_TASK GOAL_. Locate "this 1280×1441 image." in the data below, then output the line it is on and all following lines through the last, word for word. Skip any pictures.

[Data items]
"""

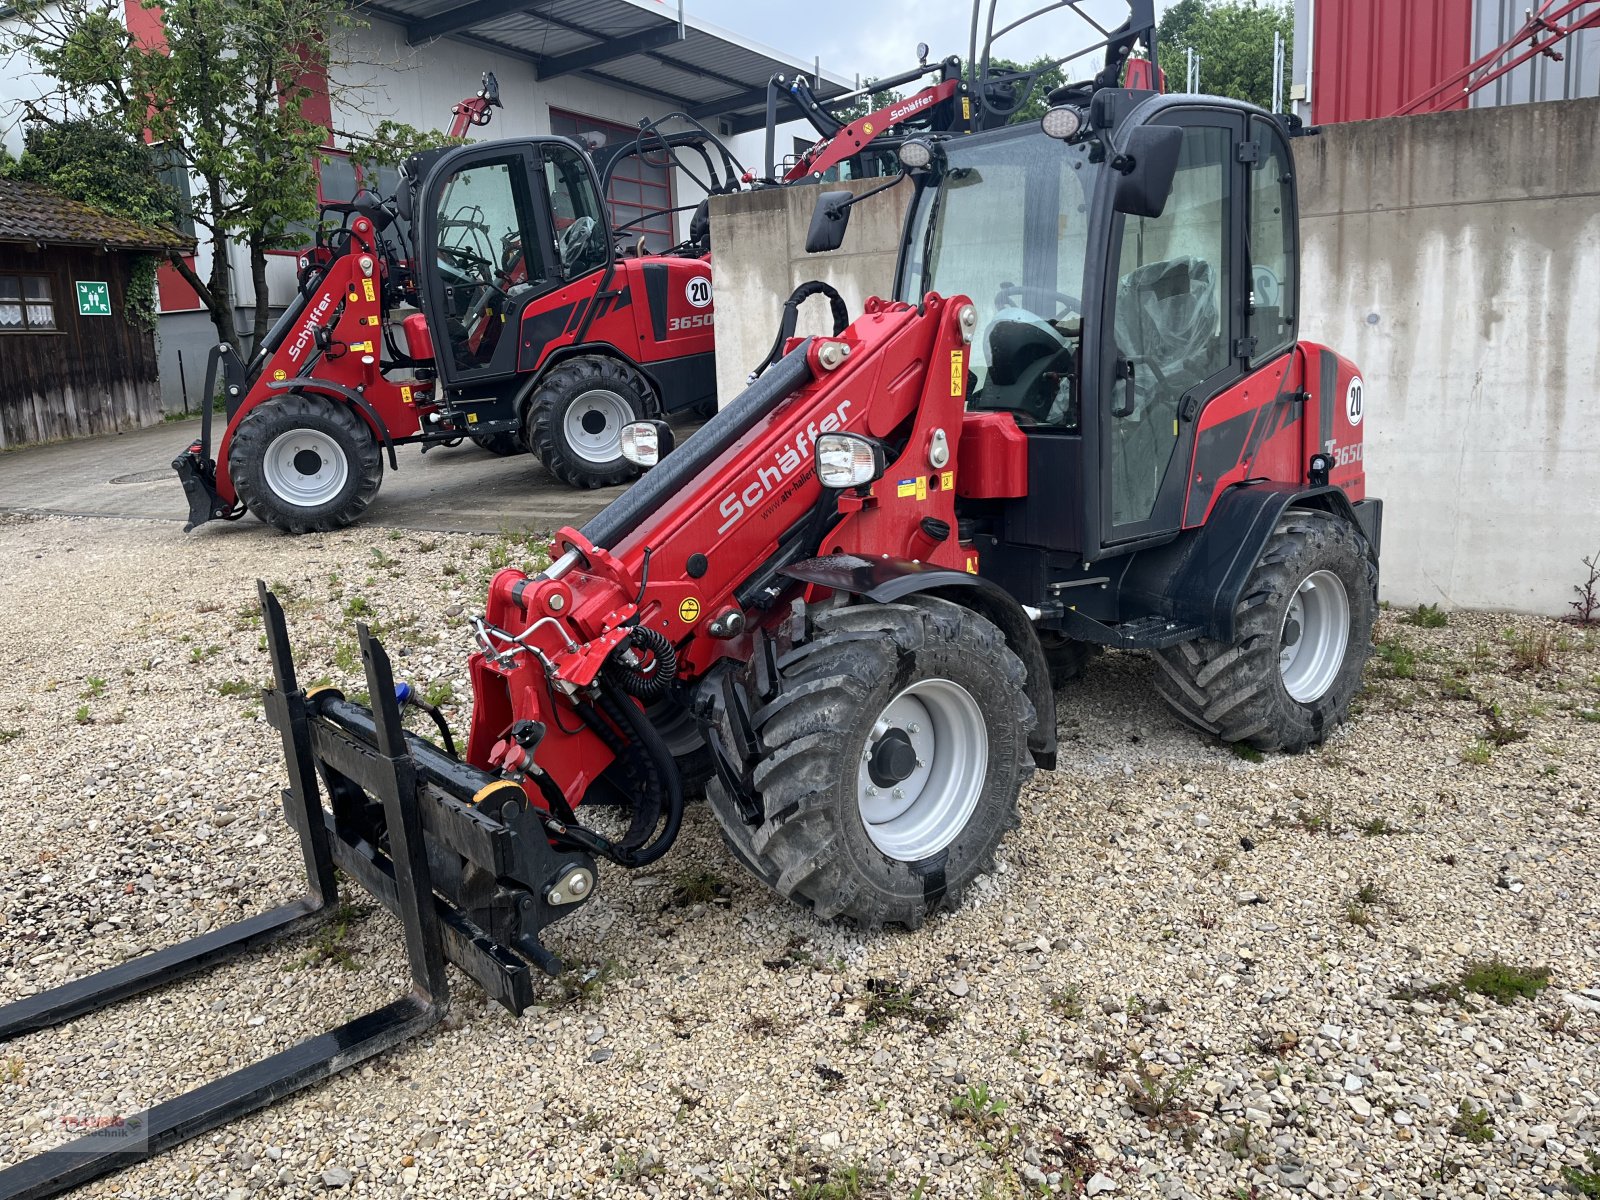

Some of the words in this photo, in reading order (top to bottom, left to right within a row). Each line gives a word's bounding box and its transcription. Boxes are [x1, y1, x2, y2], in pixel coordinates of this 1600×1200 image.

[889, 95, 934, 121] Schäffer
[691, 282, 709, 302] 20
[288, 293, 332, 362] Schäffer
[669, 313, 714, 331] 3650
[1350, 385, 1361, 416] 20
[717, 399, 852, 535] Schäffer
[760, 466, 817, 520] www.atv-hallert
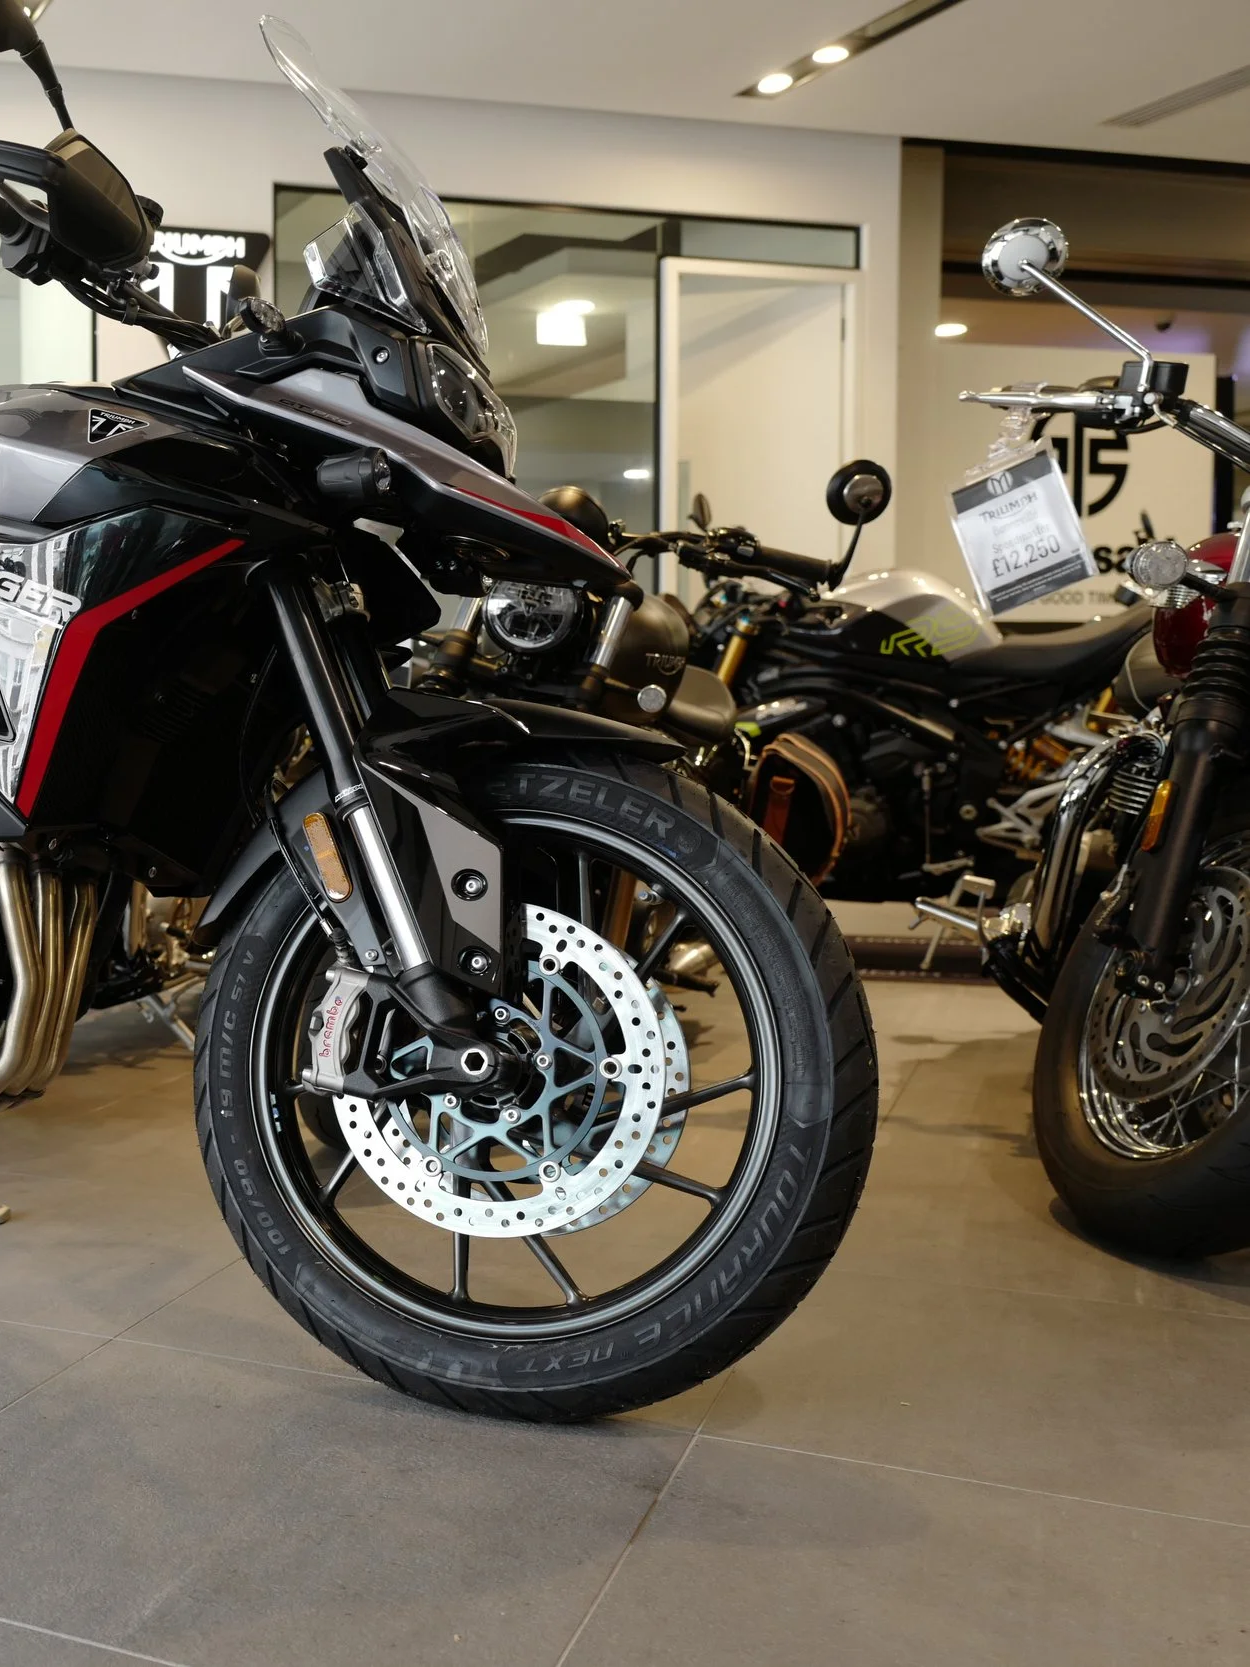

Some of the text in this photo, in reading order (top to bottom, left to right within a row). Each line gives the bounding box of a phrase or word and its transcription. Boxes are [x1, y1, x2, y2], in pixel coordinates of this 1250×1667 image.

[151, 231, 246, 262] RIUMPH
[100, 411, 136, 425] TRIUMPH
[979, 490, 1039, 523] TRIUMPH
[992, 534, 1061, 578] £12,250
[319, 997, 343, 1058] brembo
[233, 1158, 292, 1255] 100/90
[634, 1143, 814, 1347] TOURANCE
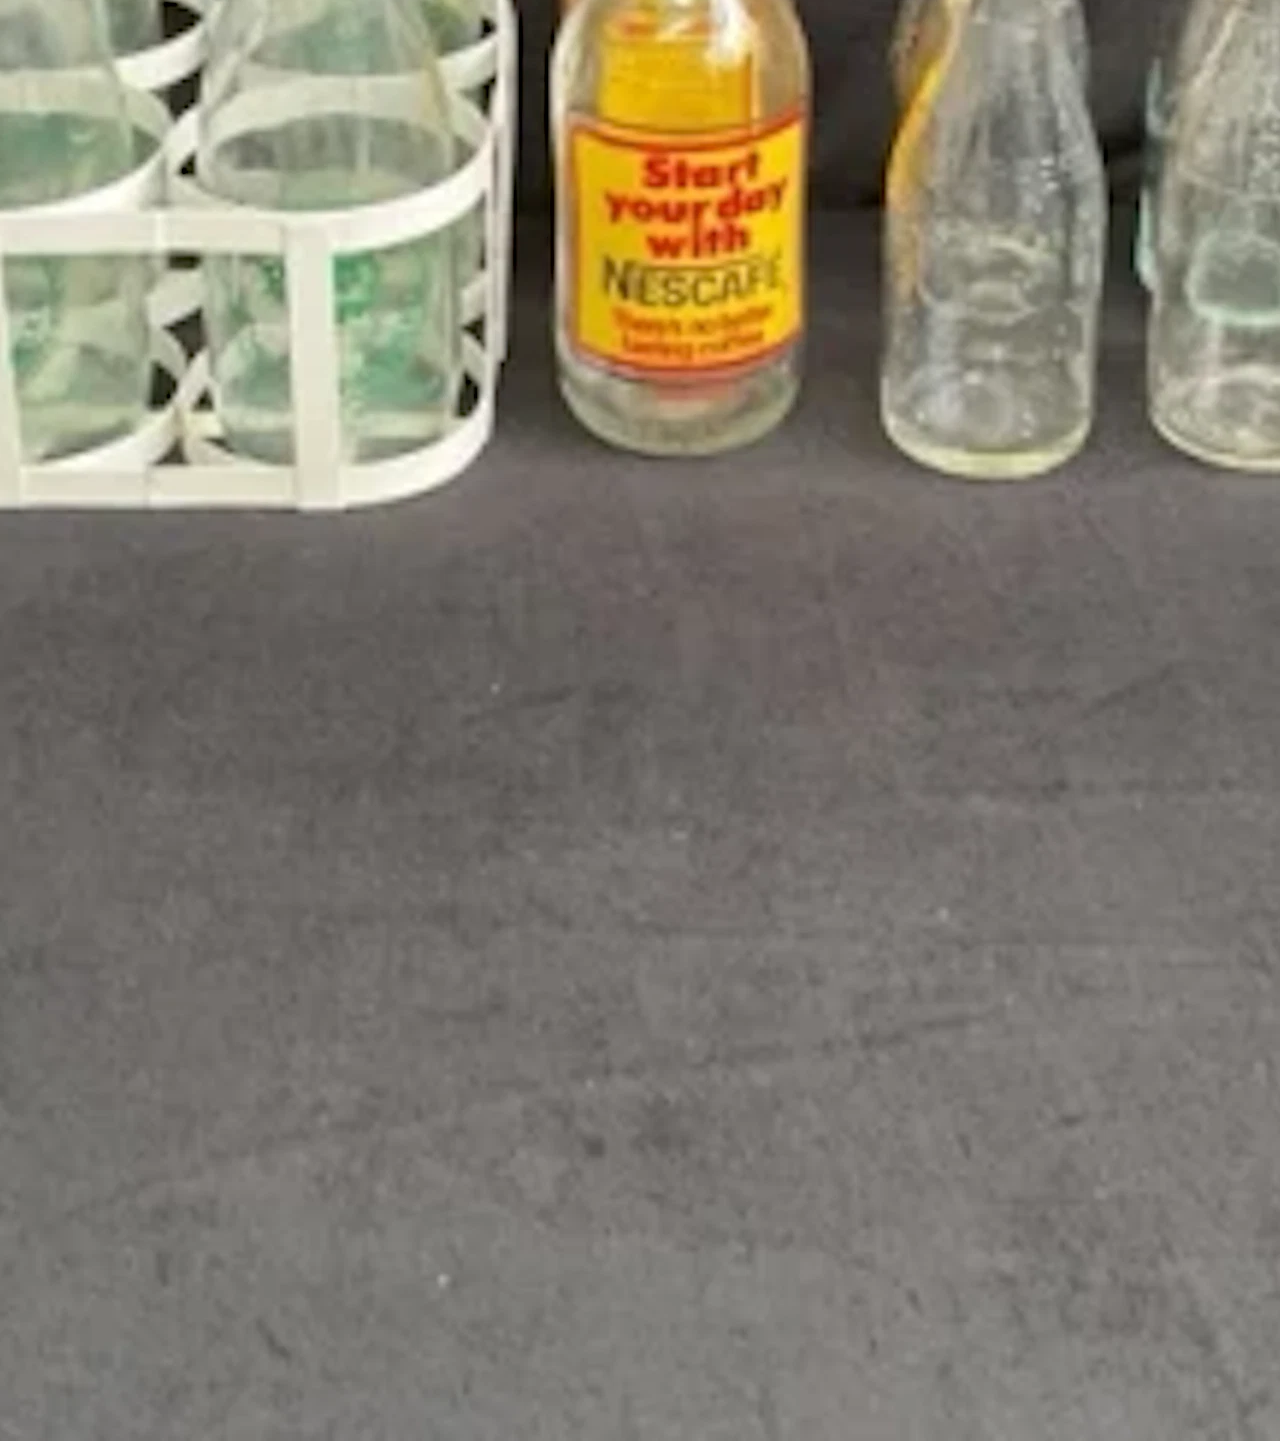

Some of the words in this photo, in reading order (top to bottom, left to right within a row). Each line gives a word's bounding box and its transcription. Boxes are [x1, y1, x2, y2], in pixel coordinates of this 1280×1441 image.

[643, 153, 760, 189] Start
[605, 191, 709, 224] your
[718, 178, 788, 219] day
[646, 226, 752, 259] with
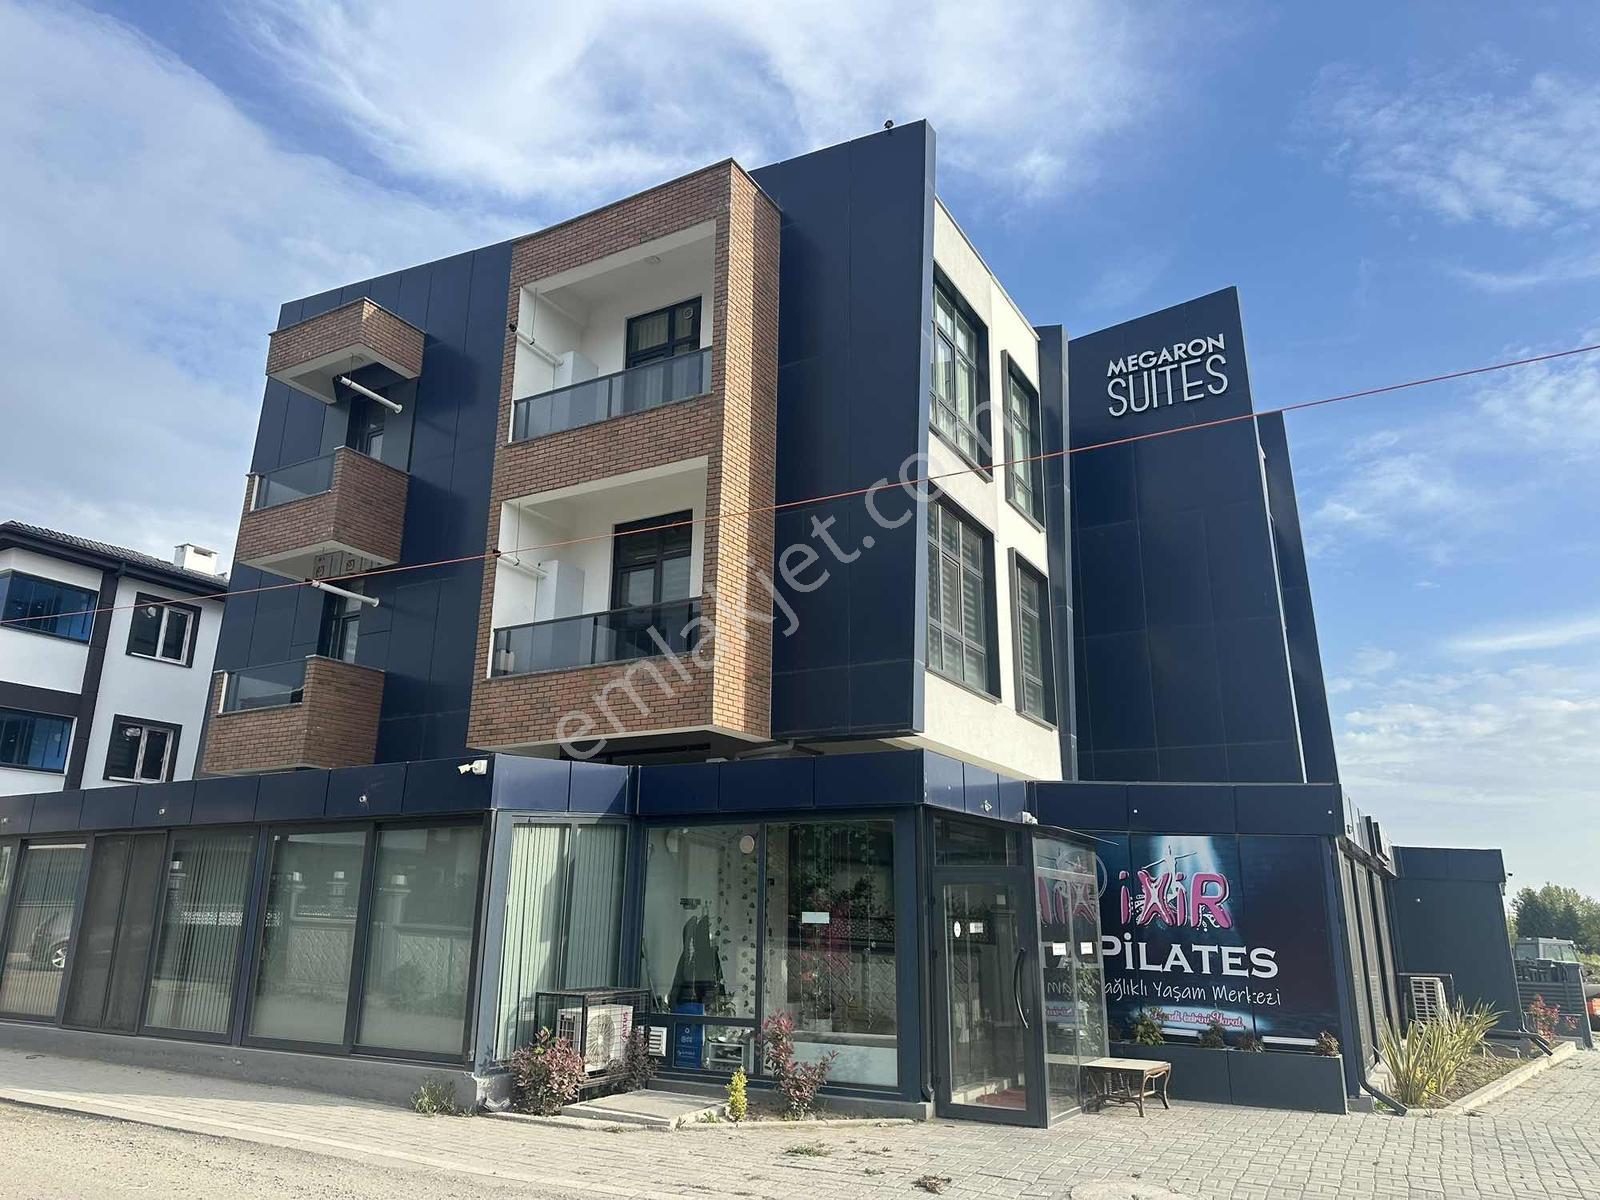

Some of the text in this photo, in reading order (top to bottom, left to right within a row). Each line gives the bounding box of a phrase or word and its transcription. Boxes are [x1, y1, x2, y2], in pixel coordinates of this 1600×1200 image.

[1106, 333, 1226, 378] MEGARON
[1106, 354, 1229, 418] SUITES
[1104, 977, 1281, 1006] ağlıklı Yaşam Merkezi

"""

_ANSWER TO THE PROBLEM_.
Some of the words in this photo, in reading order (top to bottom, left to right within a row). Each line gives a word's bounding box and its transcription. Boxes are [x1, y1, x2, y2], in pixel coordinates of this 1280×1441 image.

[643, 153, 760, 189] Start
[605, 191, 709, 224] your
[718, 178, 788, 219] day
[646, 226, 752, 259] with

Some of the text in this photo, in reading order (top to bottom, left to right within a row). Each line gives the bounding box of a phrase or word and its transcription. Boxes are [x1, y1, x2, y2], in pixel coordinates of this 1600×1200 image.

[1106, 333, 1226, 378] MEGARON
[1106, 354, 1229, 418] SUITES
[1104, 977, 1281, 1006] ağlıklı Yaşam Merkezi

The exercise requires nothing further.